If an entry holds a picture, drop the picture but restate the entry word for word.

START DATA SUPPLIED

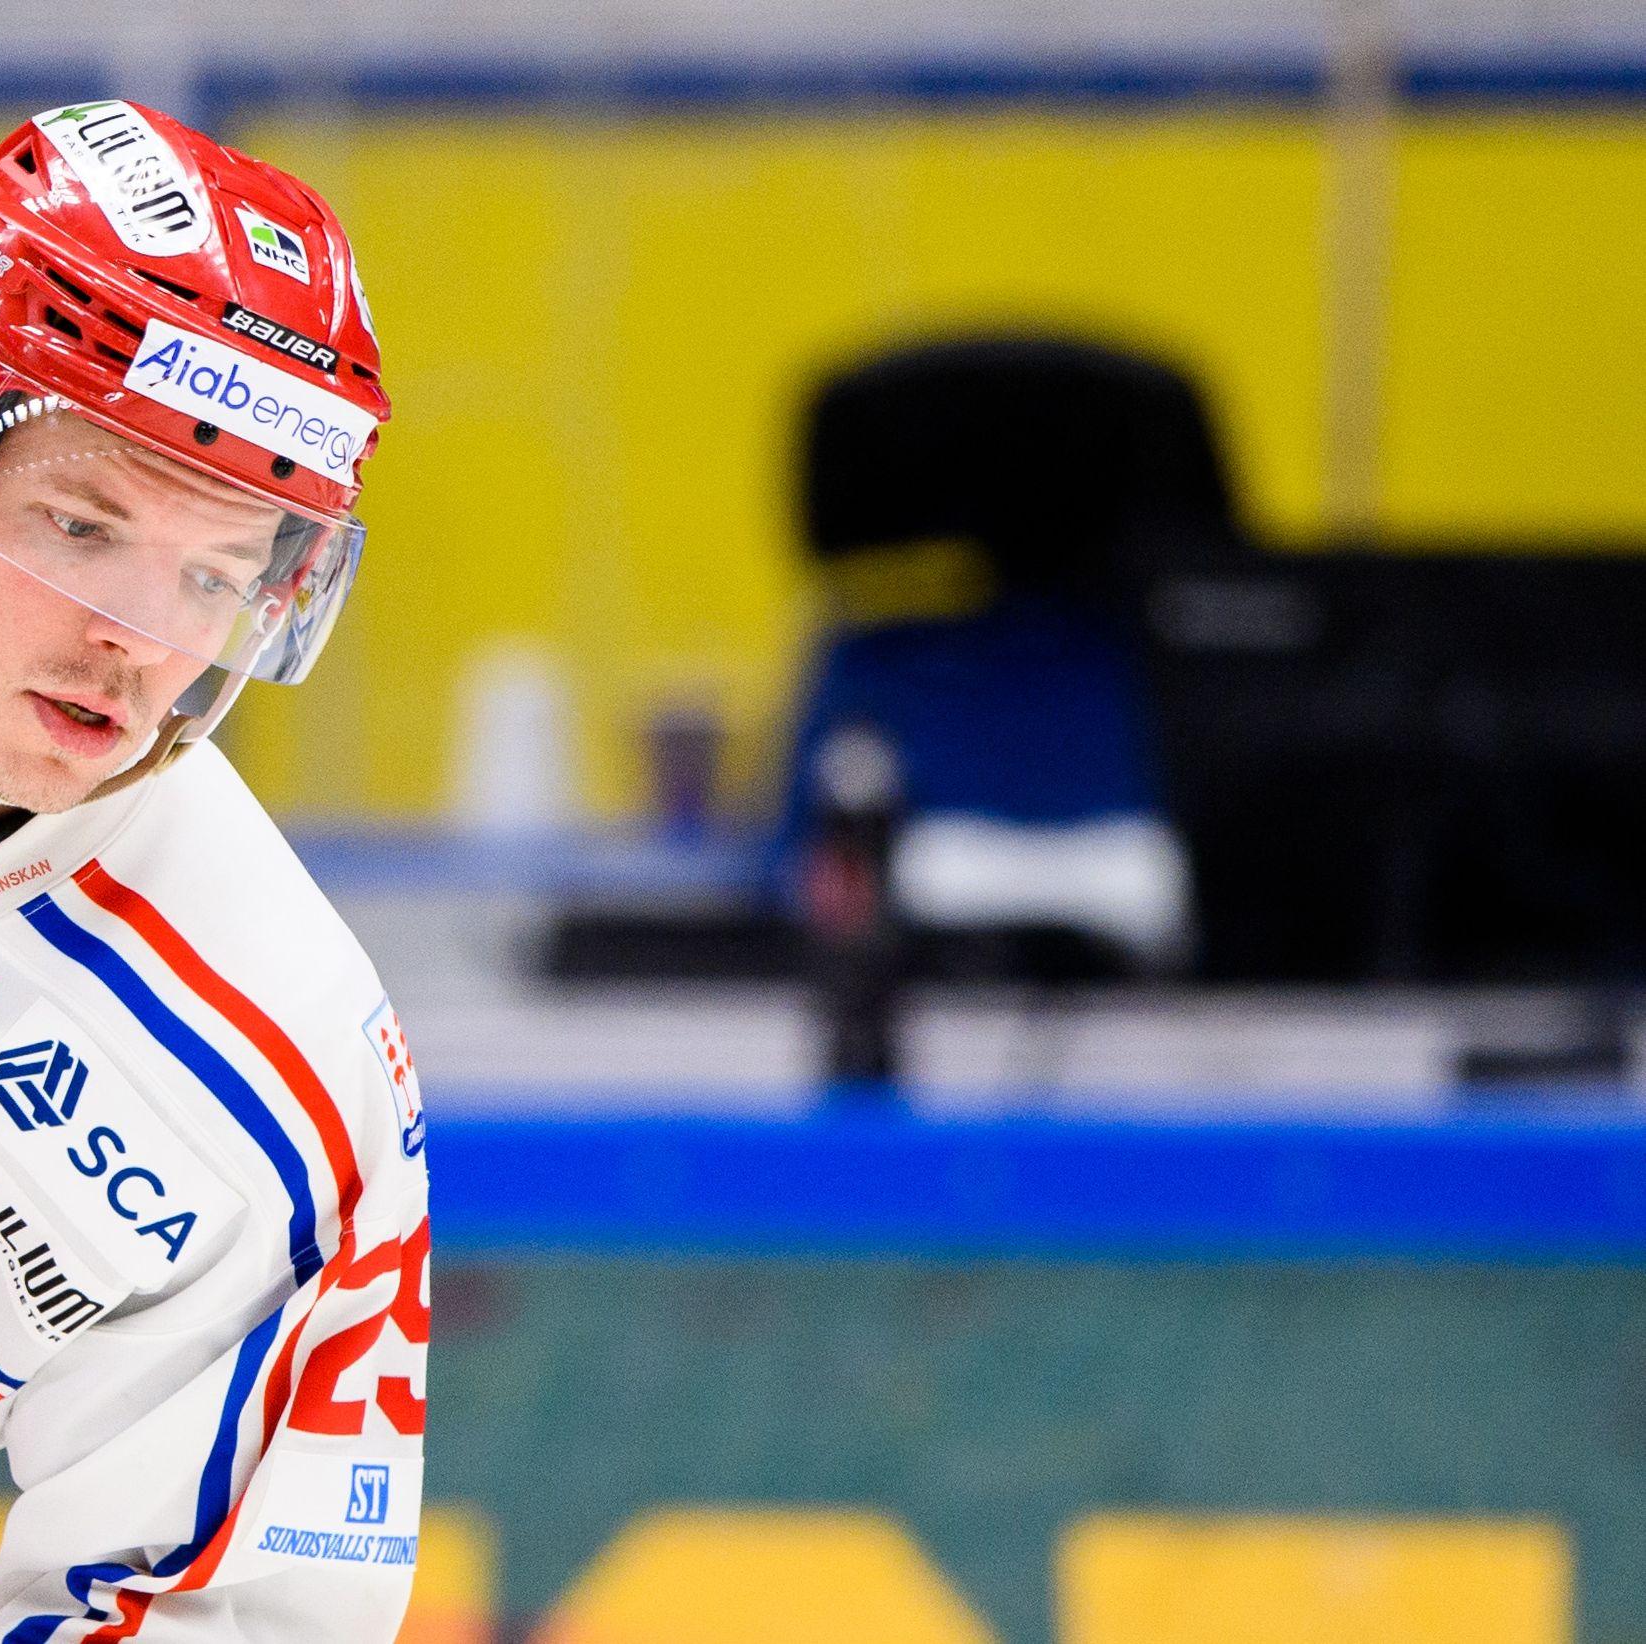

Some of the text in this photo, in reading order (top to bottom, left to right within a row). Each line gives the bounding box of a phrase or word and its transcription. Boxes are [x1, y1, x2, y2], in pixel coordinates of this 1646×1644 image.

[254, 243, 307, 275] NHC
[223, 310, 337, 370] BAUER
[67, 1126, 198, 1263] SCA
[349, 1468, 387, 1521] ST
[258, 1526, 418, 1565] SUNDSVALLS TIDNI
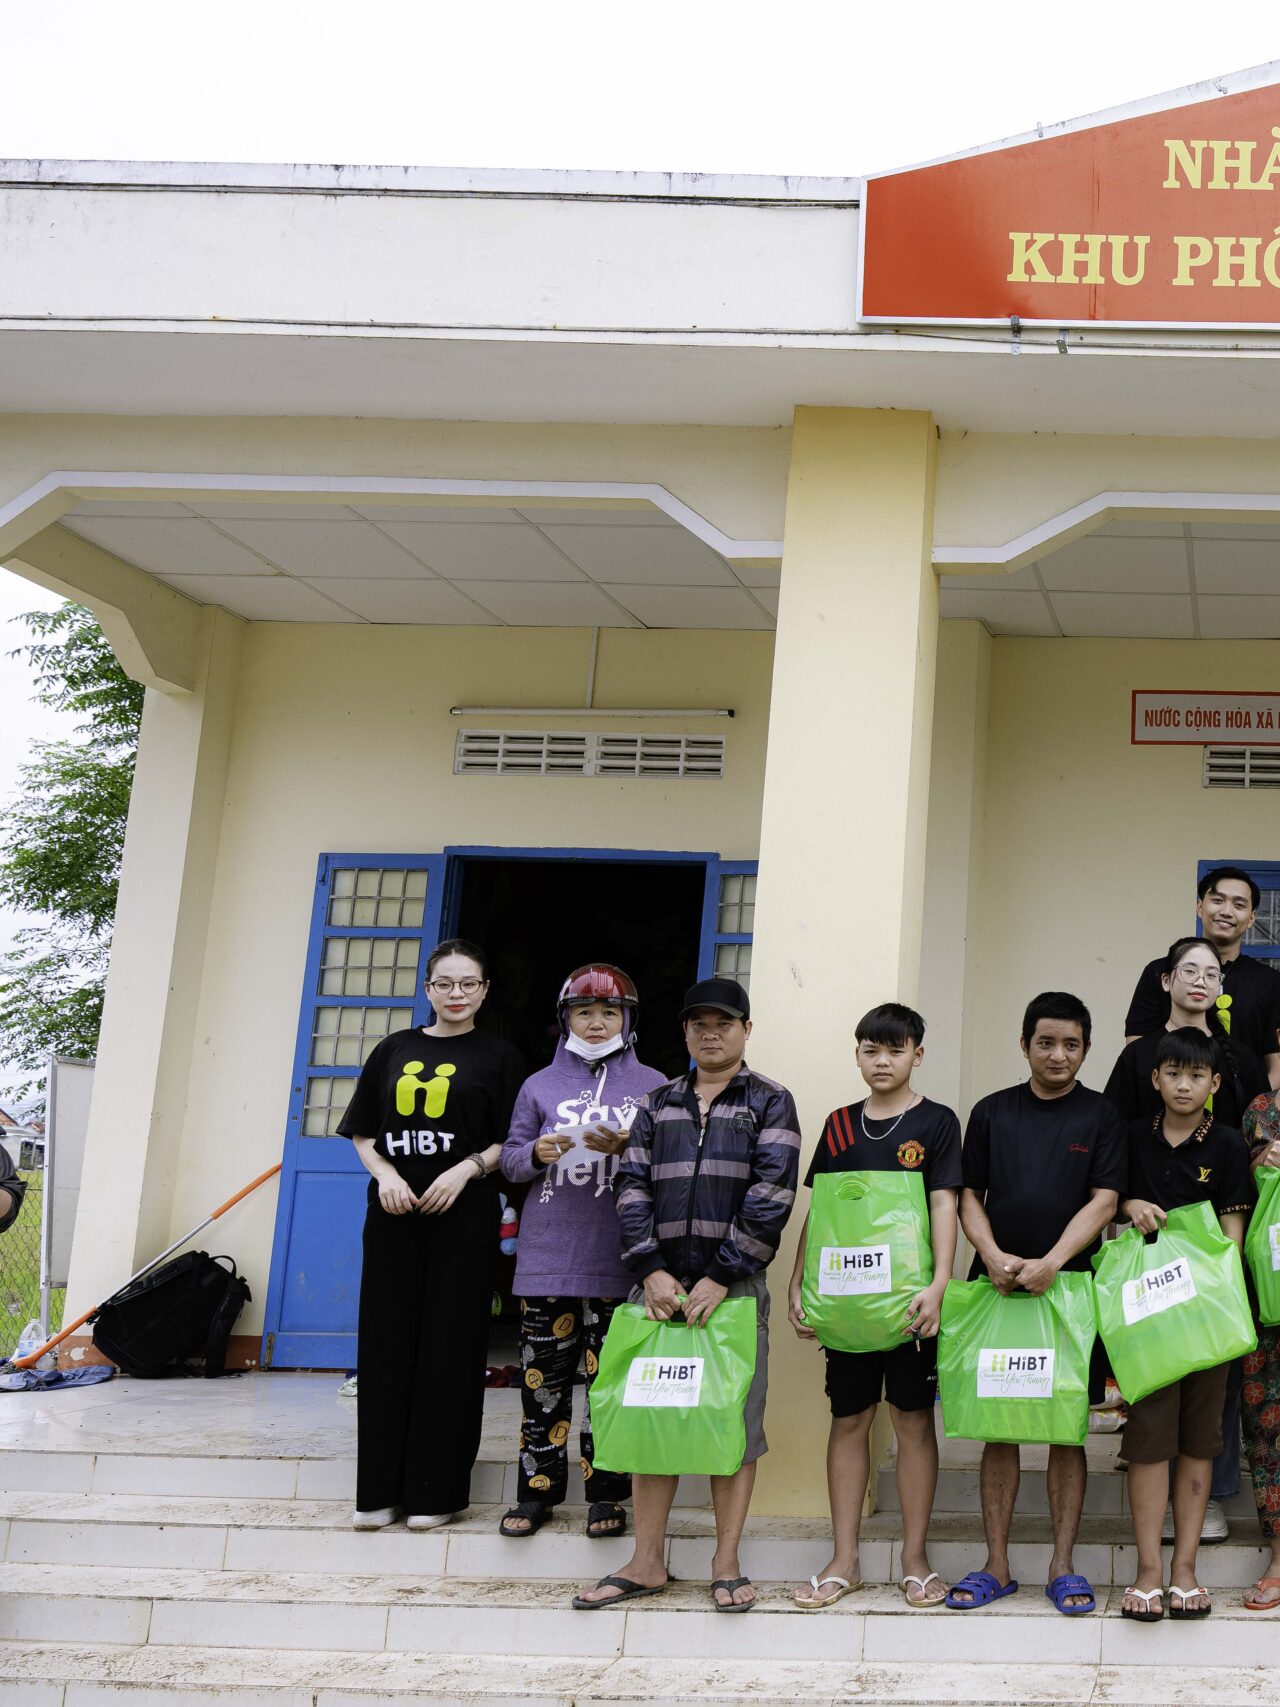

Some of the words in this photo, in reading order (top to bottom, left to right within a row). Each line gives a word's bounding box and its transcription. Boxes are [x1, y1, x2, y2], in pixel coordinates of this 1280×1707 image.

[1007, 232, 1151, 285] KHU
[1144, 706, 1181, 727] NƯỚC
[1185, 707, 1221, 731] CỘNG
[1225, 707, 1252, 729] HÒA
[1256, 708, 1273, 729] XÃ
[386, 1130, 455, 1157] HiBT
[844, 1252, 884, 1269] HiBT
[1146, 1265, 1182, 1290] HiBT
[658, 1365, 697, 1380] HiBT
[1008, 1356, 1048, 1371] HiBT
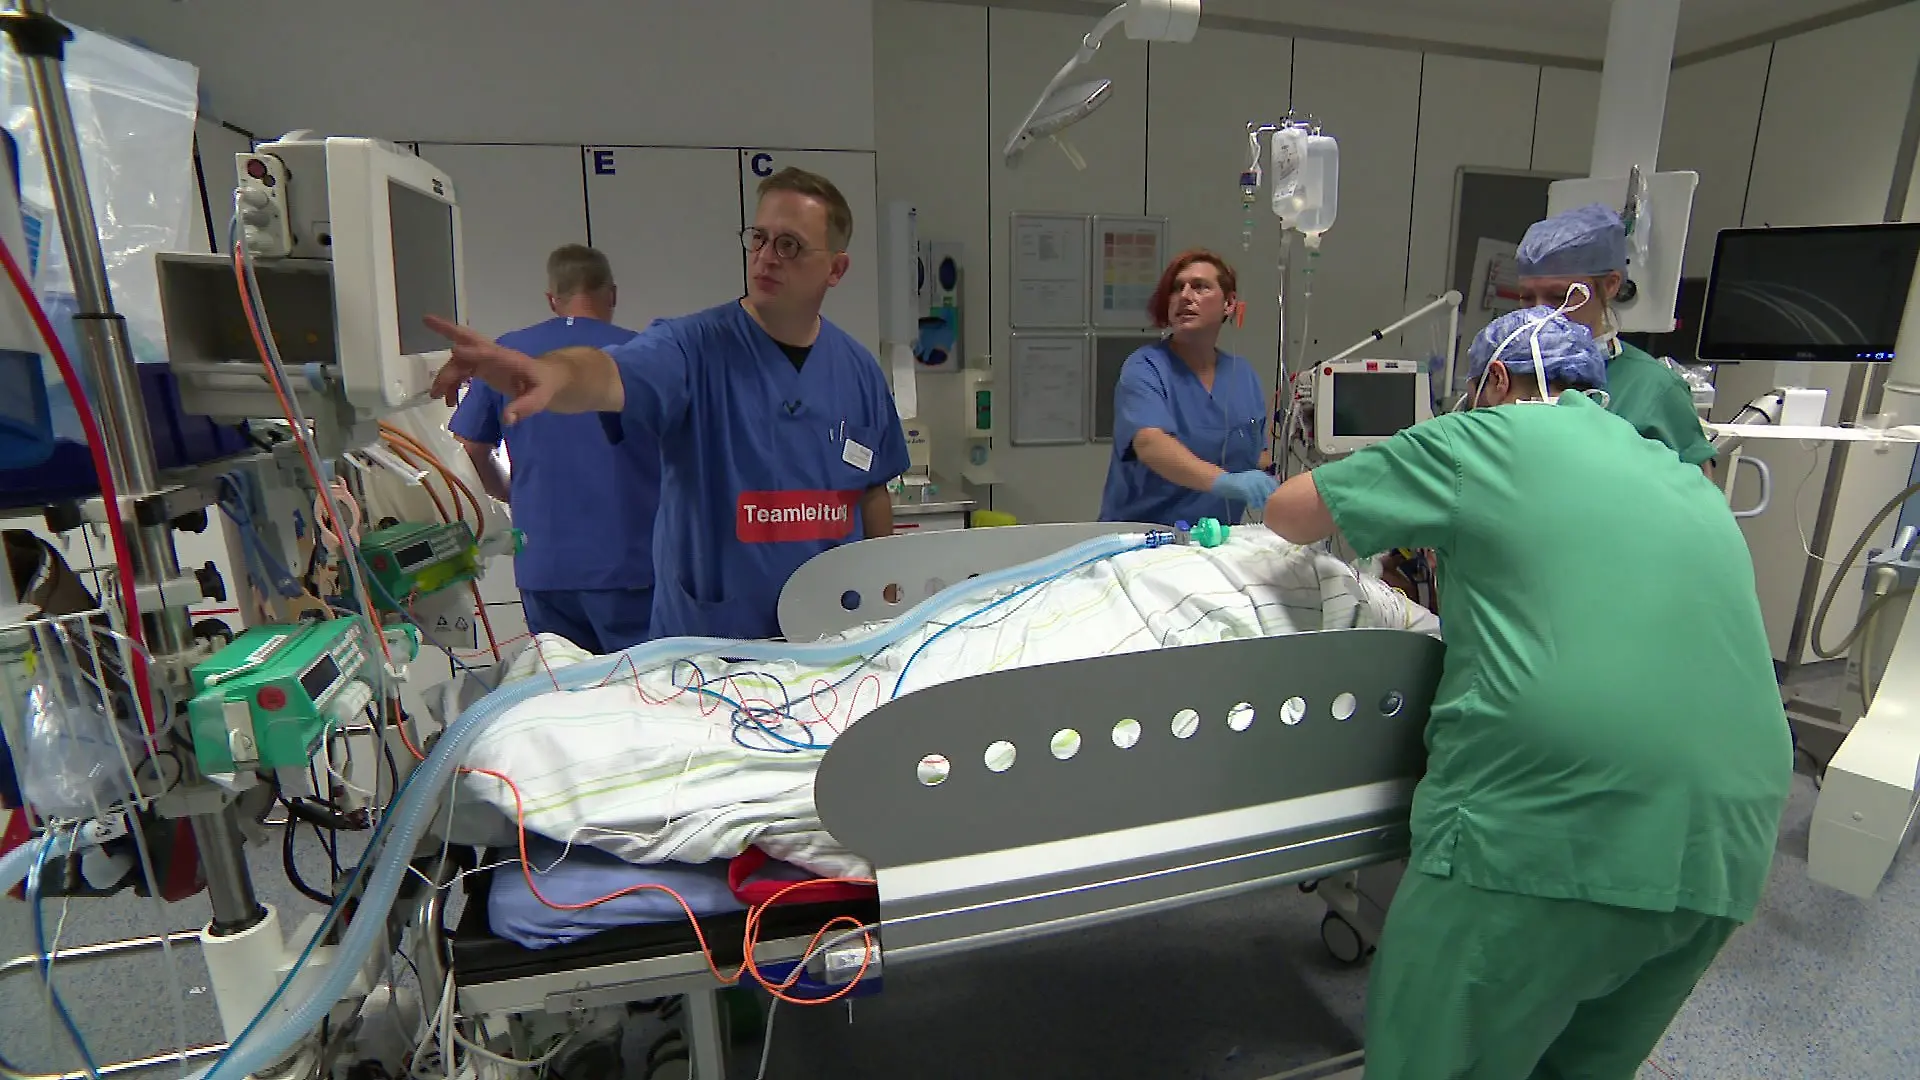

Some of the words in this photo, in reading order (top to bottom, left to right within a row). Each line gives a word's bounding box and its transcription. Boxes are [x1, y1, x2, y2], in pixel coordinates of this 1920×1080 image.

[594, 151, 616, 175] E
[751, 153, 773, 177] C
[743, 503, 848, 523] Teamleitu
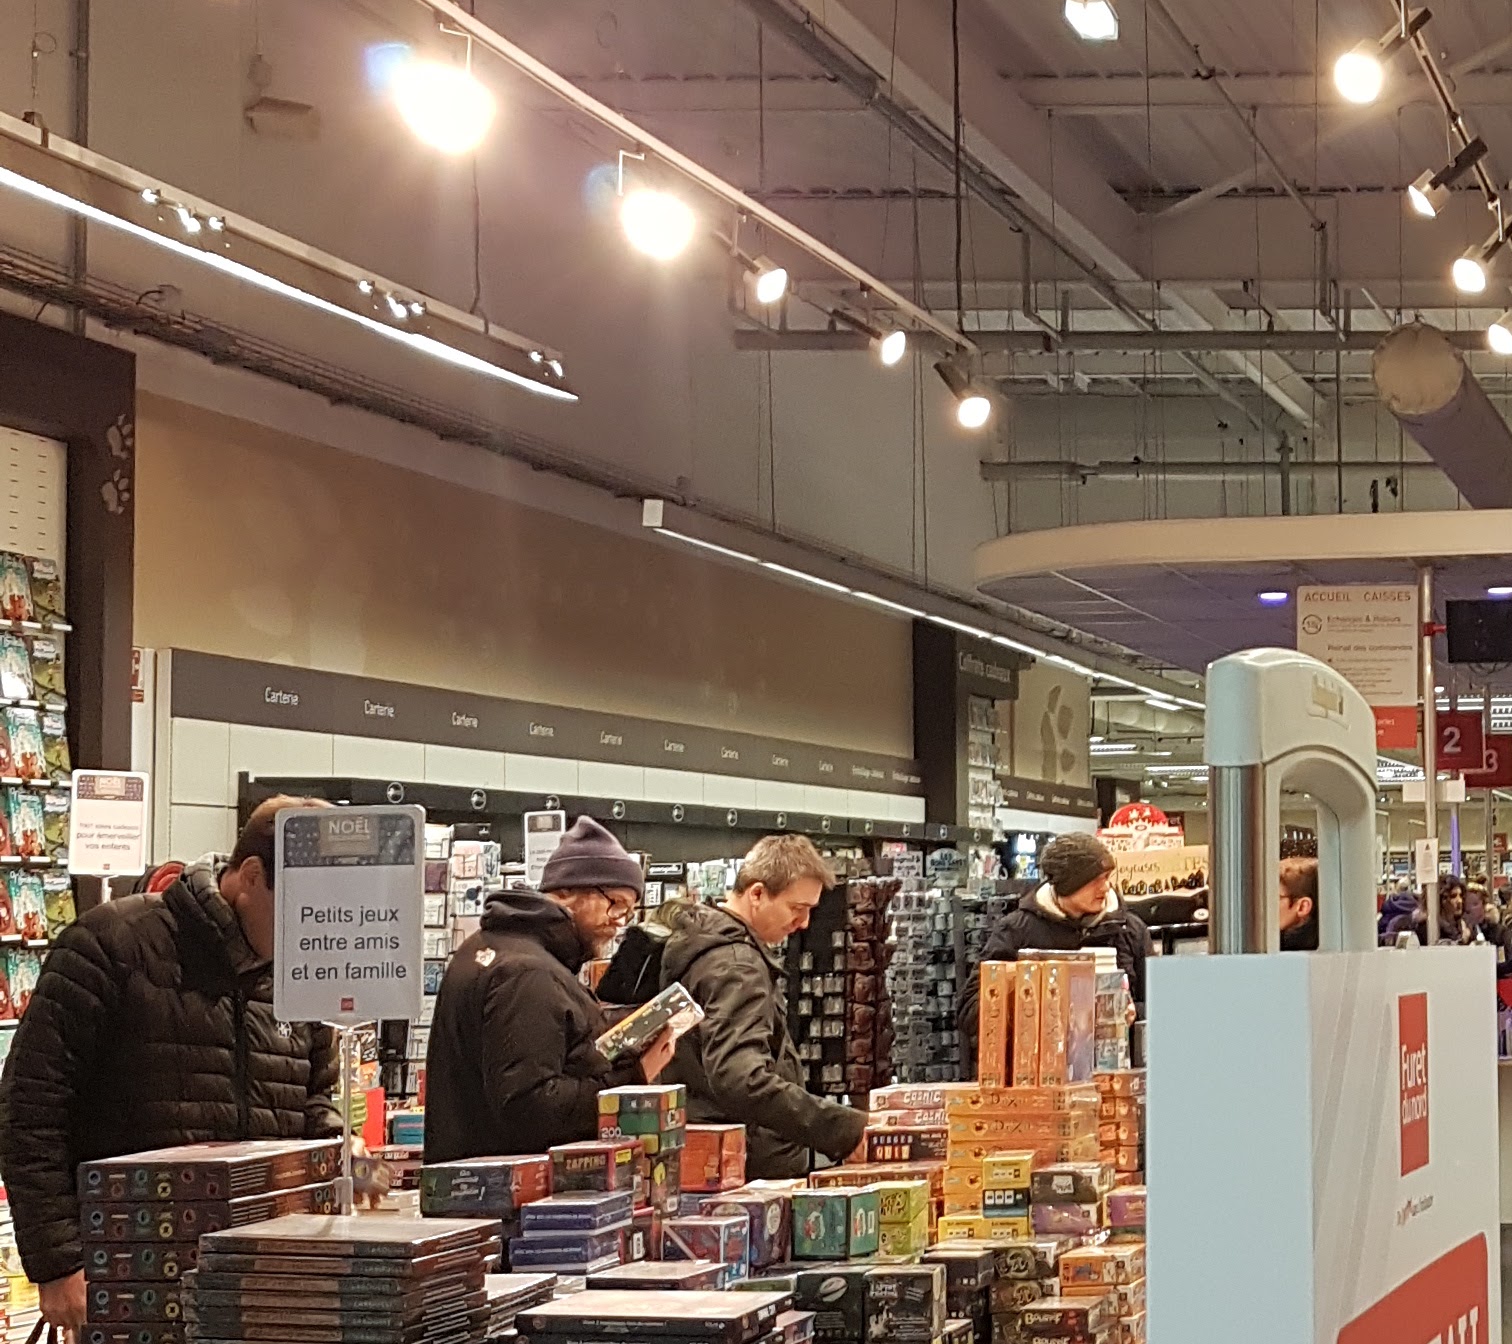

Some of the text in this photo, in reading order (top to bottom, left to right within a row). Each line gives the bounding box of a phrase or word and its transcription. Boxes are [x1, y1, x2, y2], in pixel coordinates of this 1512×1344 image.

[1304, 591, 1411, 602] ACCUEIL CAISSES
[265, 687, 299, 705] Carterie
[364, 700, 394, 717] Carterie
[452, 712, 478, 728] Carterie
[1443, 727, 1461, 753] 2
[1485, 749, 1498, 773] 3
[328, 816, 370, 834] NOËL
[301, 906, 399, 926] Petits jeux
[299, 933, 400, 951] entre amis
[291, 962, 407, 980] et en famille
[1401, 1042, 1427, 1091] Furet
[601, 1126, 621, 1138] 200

END DATA SUPPLIED

ANSWER TO THIS EXERCISE:
Some of the text in this photo, in reading order (top to bottom, left to right within a row). Each line gives the bounding box of a phrase or word and its transcription. Boxes are [x1, y1, x2, y2], in pixel coordinates of this 1646×1644 image.

[254, 243, 307, 275] NHC
[223, 310, 337, 370] BAUER
[67, 1126, 198, 1263] SCA
[349, 1468, 387, 1521] ST
[258, 1526, 418, 1565] SUNDSVALLS TIDNI

Some of the words in this photo, in reading order (top to bottom, left to right within a row). Each line gives a word's bounding box and its transcription. Boxes are [x1, y1, x2, y2], in pixel coordinates of this 1280×1707 image.

[1007, 232, 1151, 285] KHU
[1144, 706, 1181, 727] NƯỚC
[1185, 707, 1221, 731] CỘNG
[1225, 707, 1252, 729] HÒA
[1256, 708, 1273, 729] XÃ
[386, 1130, 455, 1157] HiBT
[844, 1252, 884, 1269] HiBT
[1146, 1265, 1182, 1290] HiBT
[658, 1365, 697, 1380] HiBT
[1008, 1356, 1048, 1371] HiBT

Some of the words in this photo, in reading order (top to bottom, left to right within a row). Each line gives a word's bounding box and its transcription. Boxes are [x1, y1, x2, y2], in pixel coordinates of this 1920×1080 image.

[594, 151, 616, 175] E
[751, 153, 773, 177] C
[743, 503, 848, 523] Teamleitu

Some of the text in this photo, in reading order (top to bottom, left to right within a row). Each line gives the bounding box of a phrase or word and its transcription. Boxes are [x1, y1, x2, y2], in pixel coordinates of this 1512×1344 image.

[1304, 591, 1411, 602] ACCUEIL CAISSES
[265, 687, 299, 705] Carterie
[364, 700, 394, 717] Carterie
[452, 712, 478, 728] Carterie
[1443, 727, 1461, 753] 2
[1485, 749, 1498, 773] 3
[328, 816, 370, 834] NOËL
[301, 906, 399, 926] Petits jeux
[299, 933, 400, 951] entre amis
[291, 962, 407, 980] et en famille
[1401, 1042, 1427, 1091] Furet
[601, 1126, 621, 1138] 200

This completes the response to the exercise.